Wie schon von anderen gesagt, es ist doch naiv einer Firma Gewinnbestreben vorzuwerfen! Natürlich lebt RoM davon, dass einige Spieler im Item-Shop Geld ausgeben, was glaubst du denn wer das ganze sonst bezahlen soll?
Allods jetzt als super-duper-tolles "next-gen f2p" zu Preisen ist doch ein Scherz. 
Sowohl Rappelz als auch Flyff, welche ich bis jetzt von gpotato gespielt habe, sind im High-End-Bereich ohne Geldinvestition absolut unspielbar! Dahingegen hat man bei RoM mit etwas Zeitaufwand die Möglichkeit sich Diamanten übers AH zu erfarmen. Mein Bruder ist mit seinem level 43 Mage, der noch nichtmal die High-Level-Instances farmen konnte schon 100 Diamanten erfarmt. Das ist 1/3 Permamount. Bis Level 50 wird er das fast fertig haben und nach ein paar Runs ist es gekauft.
Ich kenne absolut kein f2p-Spiel, welches weniger aufdringlich zum Geldausgeben hinweist als Runes of Magic!

Zum Ersteller:
Ich kann nur unterschreiben, was andere schon gesagt haben. Sobald du auf Level 50 bist, was du innerhalb von ein paar Tagen bis wenigen Wochen schaffen solltest bei deinen Ambitionen, kommst du mit etwas Zeitaufwand auch ohne Geldausgeben klar, easy. 

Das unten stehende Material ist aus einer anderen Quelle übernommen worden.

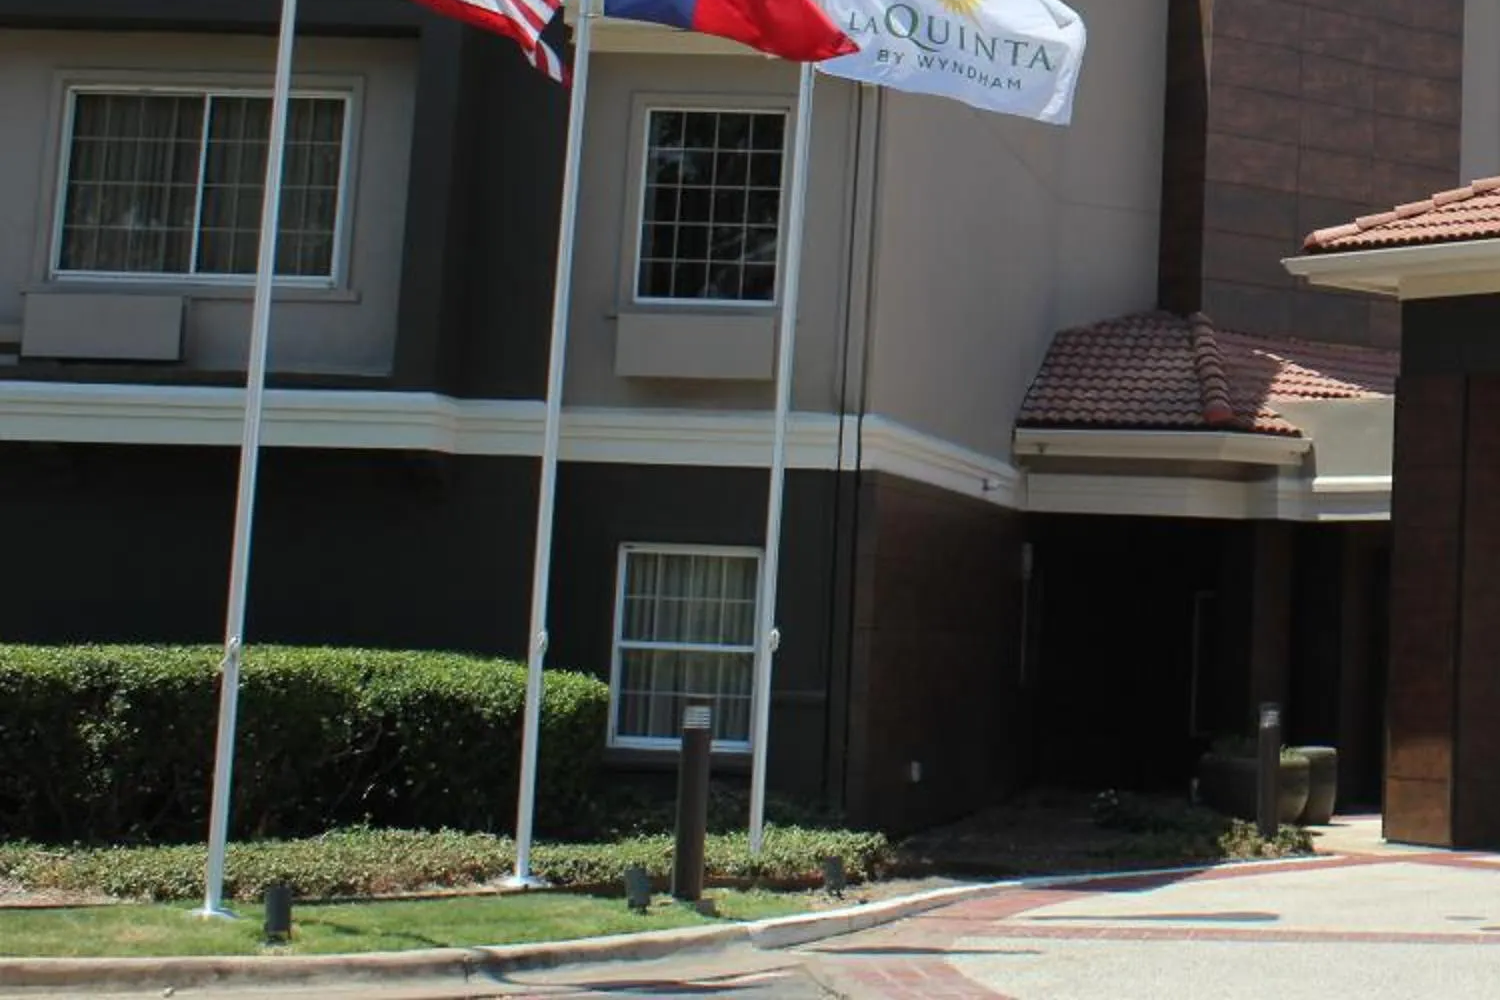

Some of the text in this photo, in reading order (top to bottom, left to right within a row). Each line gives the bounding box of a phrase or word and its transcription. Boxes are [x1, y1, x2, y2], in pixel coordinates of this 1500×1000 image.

[850, 3, 1053, 71] LA QUINTA
[877, 49, 1022, 90] BY WYNDHAM
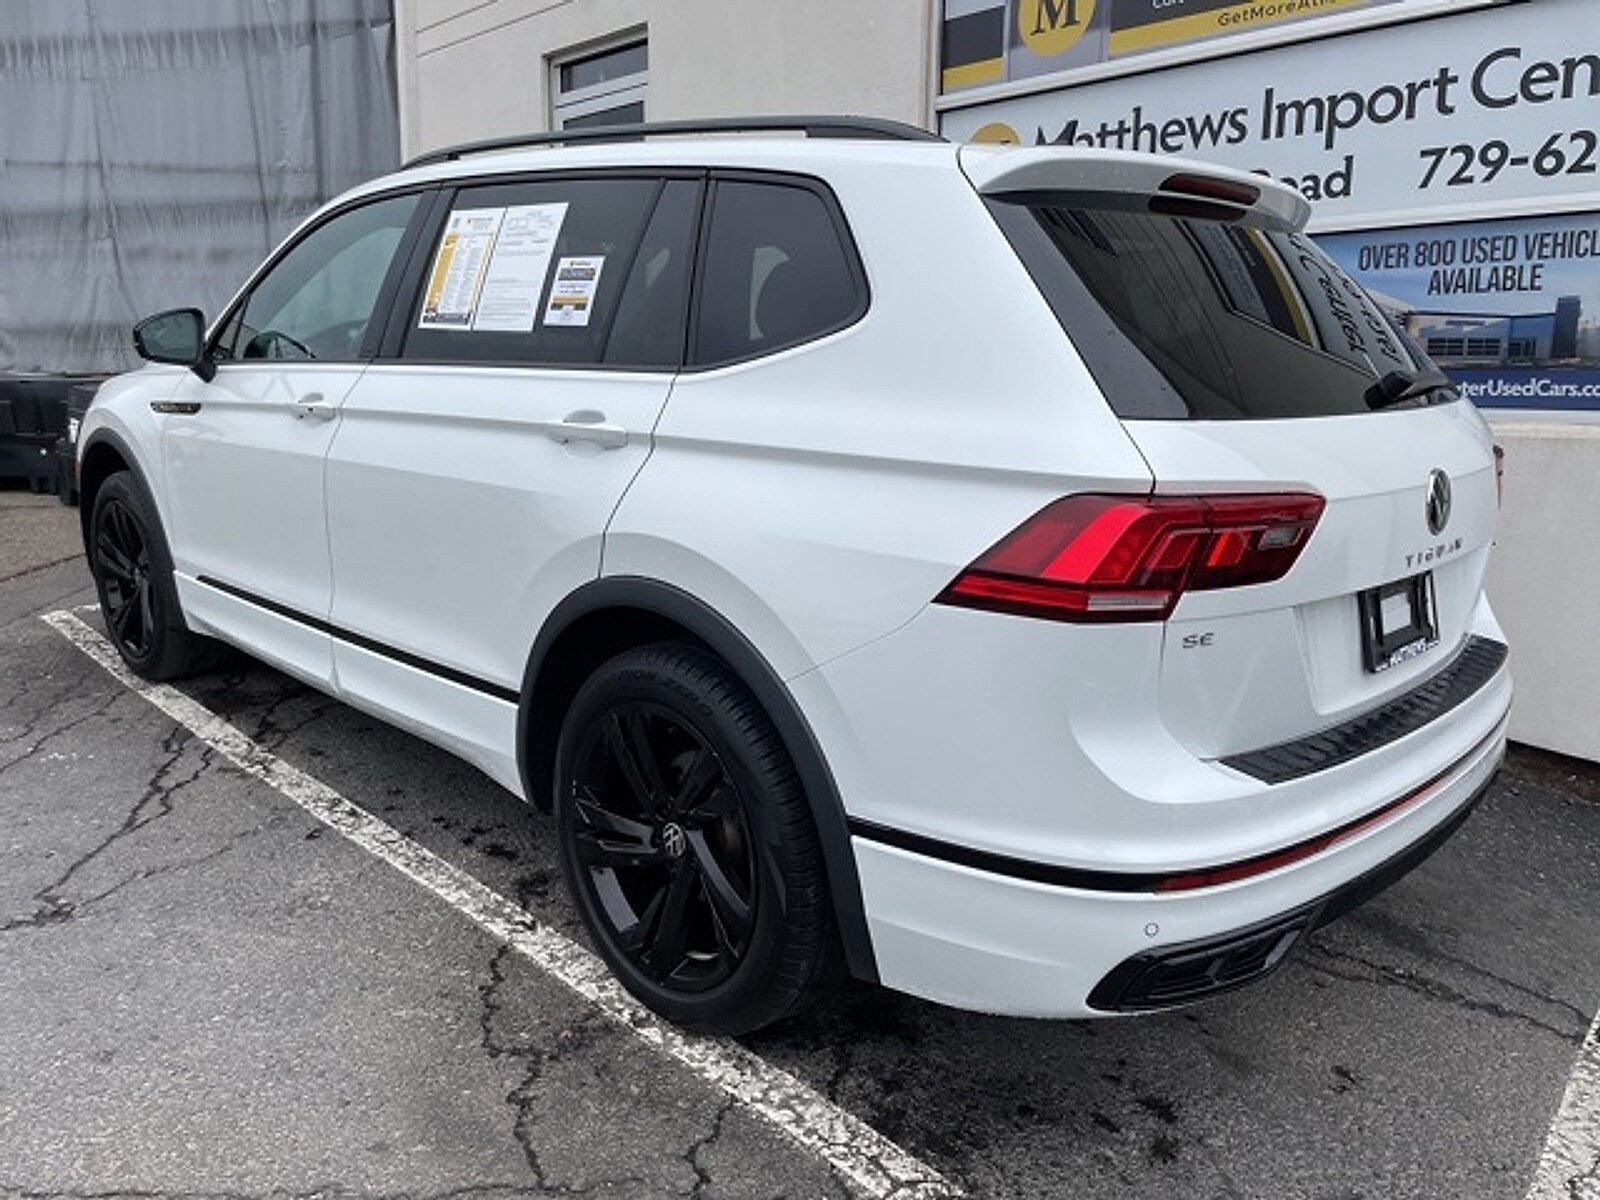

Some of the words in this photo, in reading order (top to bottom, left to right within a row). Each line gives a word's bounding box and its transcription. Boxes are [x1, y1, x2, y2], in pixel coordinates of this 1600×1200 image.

[1260, 66, 1460, 151] Import
[1471, 46, 1600, 109] Cen
[1417, 129, 1598, 190] 729-62
[1358, 241, 1409, 272] OVER
[1414, 239, 1457, 268] 800
[1462, 234, 1518, 265] USED
[1525, 229, 1600, 262] VEHICL
[1427, 262, 1545, 297] AVAILABLE
[1182, 632, 1215, 649] SE

			Dieser Inhalt steht nur eingeloggten Mitgliedern zur Verfügung.
        



CCow


----------



## CCow (20. Juli 2009)

hoti82 schrieb:


> mann sollte aber die item preise betrachten wenn ich 20 euro in perfect world kaufe kann ich mir entweder ein fulg ein reiter wie lautere kleinere sachen leisten in rom grad mal ein reitier un bissel grimsgrams. des witeren ist die exendet von perfect world einmallig die bestelösung: 1.client dvd 2. ingame items 3. pw cash für 20 euro items haben aber wert von 40 euro. desweiteren bietet perfectworld mehr storie


Perfect World bietet weder mehr Inhalt noch mehr Story. Es bietet anscheinend maximal einladende Möglichkeiten für Minderjährige Geld für ein Computerspiel auszugeben. Die Dinge die du dort nur! durch echte Euros bekommst, kannst du bei RoM auch so bekommen. Und dass du, der nach eigenen Angaben nicht übertrieben solvent ist, da dein Geld reinsteckst kann ich nicht wirklich positiv sehen.


----------



## McDamn (20. Juli 2009)

Um das ganze nochmal zusammenzufassen und noch meine Meinnung rein zu bringen. Muss ich sagen also ich bin jetzt in Runes of Magic erst lvl 34 und habe nur durch Täglich 1/2 Stunde Rostoffe farmen und im Ah verkaufen schon genug Gold reinbekommen um mir 100 Dias im Ah zu kaufen. Es ist wirklich überhaupt kein Problem in RoM an gute Item´s oder Mount´s zu kommen, du investierst einfach nur mehr Zeit als die Geld-Geber. Du weisst abre dafür das du was geleistet hast und bei anderen MMo´s hast du entweder dieselbe Möglichkeit indem du Geld ausgibst Stark zu werden oder durch Zeitaufwand. Das ist aber der Sinn der Sache das ein Spiel dich bei Laune hält.
Und Sotrytechnisch muss ich sagen klar bietet RoM nicht die Story eines WoW allerdings muss man bedenken das WoW seine Vorgänger im Strategie Genre hat. Hätte WoW von 0 angefangen hätten die niemals eine so umfassende Story gebracht ins MMo. Und Rom bietet mit den Epischen Questreihen die leider nicht so Zahlreich sind doch auch teilweise eine Geschichte die nichteinmal so schlecht ist.
Im insgesamten muss man sagen RoM ist vielleicht nicht das beste MMo aber es bietet Content der auch ohne Geld erreichbar ist und gut gemacht wurde.


----------



## WR^Velvet (20. Juli 2009)

PW und mehr Story. I fall gleich vom Stuhl.
Hab PW selbst lv70+ gespielt und weiß mit Sicherheit das PW mit ner umfangreichen Story mal rein garnix zu tun hat.
Ich sag nur 2 Quests pro level die dir 10% geben und dann 90% grinden schreit nicht gerade nach ner aufwändigen Geschichte.
Im Gegensatz zu RoM hast selbst mit 50/50 noch den Arsch voller Questen.
PW ist nun mal der Typische Asiagrinder wie es zu hauf gibt auf dem Markt. Für RoM keine wirklich ernst zunehmende Konkurenz.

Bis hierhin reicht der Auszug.